La donna fotografata da Rodcenko grida graficamente un Elektronik!, e Musik! le risponde un pilota alle sue spalle, e infatti appaiono anche i padri della musica elettronica, del minimalismo, tra cui Robert Moog, Gary Numan, Clara Rockmore (la più grande virtuosa del theremin), tutti ampiamente citati nella parte musicale, ma anche Juri Gagarin, l’Orson Welles de Il terzo uomo con una Schneekugel al posto della pistola… Per non parlare delle dive del cinema Rita Heyworth e Ava Gardner e le loro colleghe tedesche ed europee catturate insieme ad altri in una danza suprematista, costruttivista, intorno alle epifanie geometriche dei vari monumenti e palazzi stalinisti e hitleriani e americani misti a manifesti di propaganda e illustrazioni di riviste vintage. Il tutto in un montaggio non da videoarte, o almeno non quello lentissimo, mirato all’analisi del rapporto tra tempo reale e filmico, di un Bill Viola, ma quello tipico dei veloci videoclip synthpop, perfetto per una coreografia a base di movimenti a scatto, espressione della poetica robotica degli anni ’80 (con la radice, Metropolis, non a caso attualizzata nell’’84 da Giorgio Moroder in versione rock). Un testo, significativamente recita: “L’arte è un vecchio giocattolo/ ingombrante spazzatura da museo/ Noi costruiamo in solitudine/ il battito della moltitudine/ Noi costruiamo sculture di suono/ pitture immateriali/ minimalismi monumentali/ concettualismi portatili/ Visionari disintossicanti artistici/ che si possono portare ovunque/ in un piccolo involucro musicale/ per stimolare il cervello/ Noi siamo Ingegneri (di musica) elettronici/ Costruttivisti romantici/ Noi siamo designer (di musica) elettronici/ Ossimorici Retrofuturisti”.
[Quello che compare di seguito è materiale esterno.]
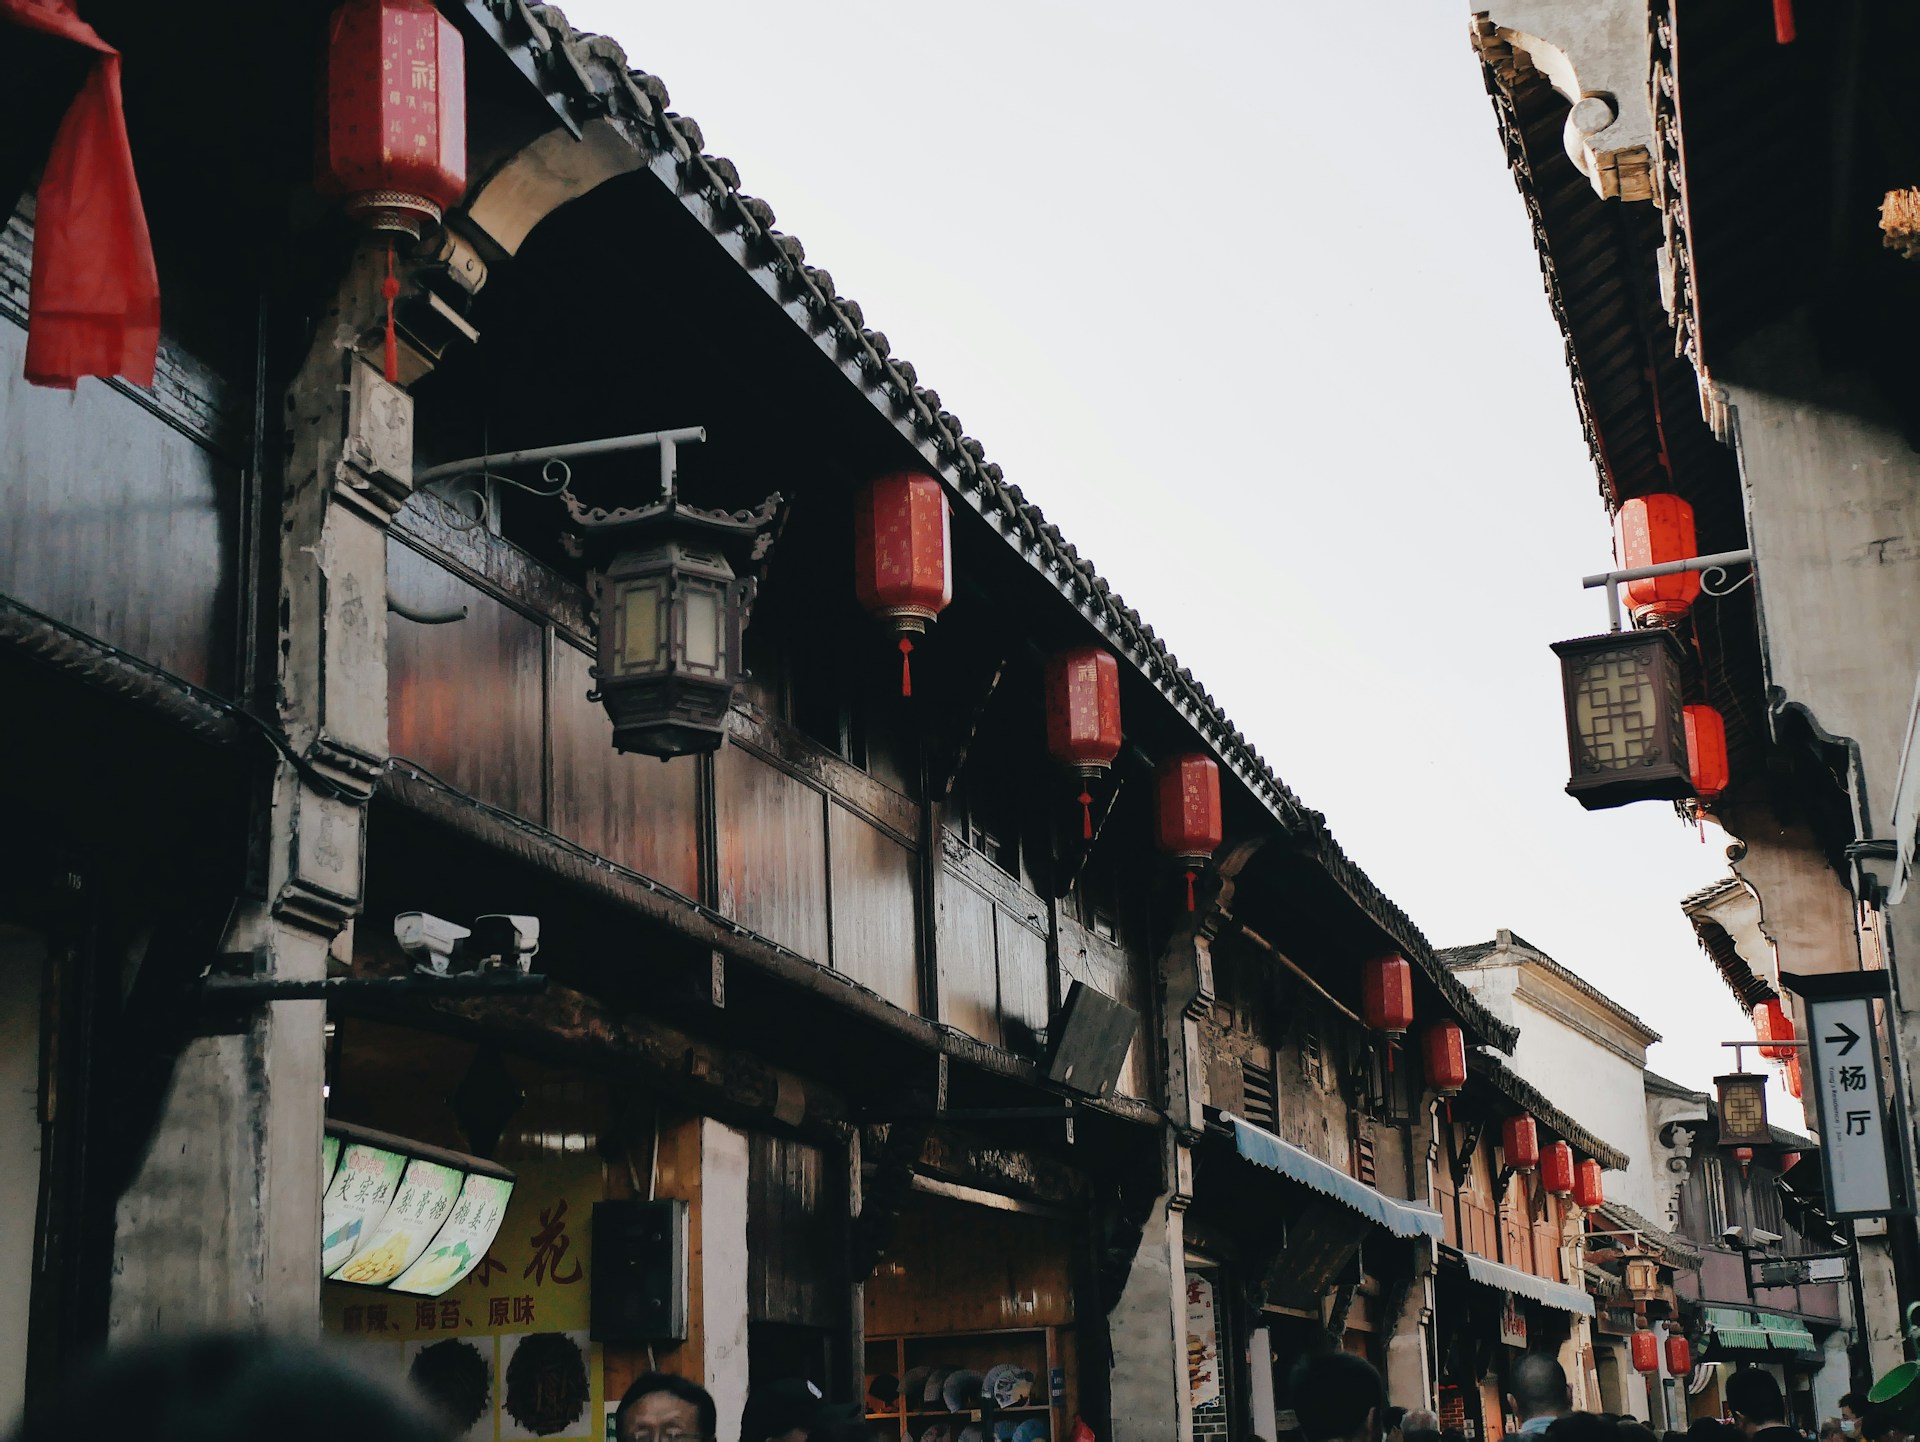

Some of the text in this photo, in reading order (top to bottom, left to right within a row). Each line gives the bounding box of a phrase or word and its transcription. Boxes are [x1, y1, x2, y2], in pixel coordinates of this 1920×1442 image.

[1839, 1066, 1871, 1136] 杨厅
[397, 1187, 448, 1220] 梨膏糖
Va osservato che lo spirito dell’operazione, malgrado l’ampio uso di materiale iconografico e di propaganda della Germania e della Russia degli anni ’30, non rivela alcun intento ideologico, dal momento che l’artista riflette con evidente ironia sulle coincidenze estetiche che accomunano tutti i regimi totalitari, il gigantismo magniloquente armato di classicismo imperioso come nei monumenti dello Stadio dei Marmi, o dei Kolkosiani, o delle raffinatissime pellicole della regista di regime Leni Riefenstahl, simboli di una spinta reazionaria e modernista insieme, verso un futuro che si supponeva splendente. Lo stesso Passarella, da sempre affascinato dagli ossimori culturali, mostra questi linguaggi nel loro intrecciarsi con l’eredità romantica europea, con il decadentismo che poi promana dalla “musica delle macchine”, che unisce nostalgia, sirene di guerra, ritmi industriali, effetti misteriosi e melodie magari elementari ma toccanti; esaltazione di un eroismo post-umano brillantemente sintetizzato da David Bowie nel brano che “è stato l’inno della fin de siecle scorsa”, uniti alle ansie per la crisi dell’industrialismo piuttosto che per le catastrofi tipo Chernobyl. Anche il fascino delle rovine è, infatti, presente: sia nel senso di desolati paesaggi post-bellici, sia nel senso ultimativo del trapasso della stessa era postmoderna, un declino forse ciclico ma la cui manifestazione non solo economica è sotto gli occhi di tutti. Fascinazione e repulsione verso la scienza, “monumentalismo minimale”, “bricolage tecnologico”: ancora ossimori affascinanti ricavati dalla rivisitazione di un vastissimo repertorio di immagini raccolto in anni di paziente e fervente collezionismo e dalla riflessione sociologico-poetica espressa in testi dalla metrica stringatissima ma visionari almeno quanto i modelli derivati dal rock elettronico.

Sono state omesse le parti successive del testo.